May 17, 2006 (PLANSPONSOR.com) - The 8th US Circuit Court of Appeals ruled Friday that The Family and Medical Leave Act (FMLA) allows an employer to require its workers to substitute any accrued sick leave for leave provided by the act.

According to the court opinion, the city of Republic, Missouri did not violate the FMLA rights of police officer Robert Slentz by limiting his leave to the 12-week FMLA period in spite of the fact that he had accrued more time in sick leave.

Slentz had corrective surgery on his shoulder after an injury that was not related to work. The city informed him that he would get the 12-week FMLA leave, at the end of which he would have to provide physician approval to return to work or was expected to resign.

At the end of the period, according to the court document, Slentz was not released back to work by the doctor, who said his recuperation required a few more weeks.

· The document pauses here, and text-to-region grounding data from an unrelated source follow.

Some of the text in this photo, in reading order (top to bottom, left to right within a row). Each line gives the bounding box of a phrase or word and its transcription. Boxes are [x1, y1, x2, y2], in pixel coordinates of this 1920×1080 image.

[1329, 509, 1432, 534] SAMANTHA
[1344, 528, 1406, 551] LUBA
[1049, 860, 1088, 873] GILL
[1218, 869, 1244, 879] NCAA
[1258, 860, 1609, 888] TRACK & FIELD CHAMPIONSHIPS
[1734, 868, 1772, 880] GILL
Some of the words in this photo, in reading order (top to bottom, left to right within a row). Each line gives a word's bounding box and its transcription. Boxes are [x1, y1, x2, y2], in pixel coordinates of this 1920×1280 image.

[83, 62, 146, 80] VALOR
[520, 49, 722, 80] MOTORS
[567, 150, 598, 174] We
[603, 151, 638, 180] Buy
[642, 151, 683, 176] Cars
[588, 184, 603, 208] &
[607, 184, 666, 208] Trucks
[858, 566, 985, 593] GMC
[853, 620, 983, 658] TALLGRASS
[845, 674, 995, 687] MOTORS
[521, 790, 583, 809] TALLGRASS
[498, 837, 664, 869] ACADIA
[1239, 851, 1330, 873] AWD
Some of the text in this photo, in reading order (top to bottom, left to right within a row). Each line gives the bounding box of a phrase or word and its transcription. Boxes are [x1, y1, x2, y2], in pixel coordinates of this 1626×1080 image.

Slentz resigned then filed a suit against the city claiming that the it wrongfully interfered with his rights under the FMLA and he should have received the 12 weeks in addition to his accrued sick leave.

The appellate court, howeverl, affirmed a lower court’s granting of summary judgment in favor of the city, saying it is left to the employer’s discretion to “permit an employee to use FMLA leave and sick leave sequentially or … require that the two run concurrently.”

In a dissenting opinion, Circuit Judge Heaney said the majority ignored the clear language of the FMLA statute that says “the taking of leave under section 2612 of this title [FMLA] shall not result in the loss of any employment benefit accrued prior to the date on which the leave commenced.”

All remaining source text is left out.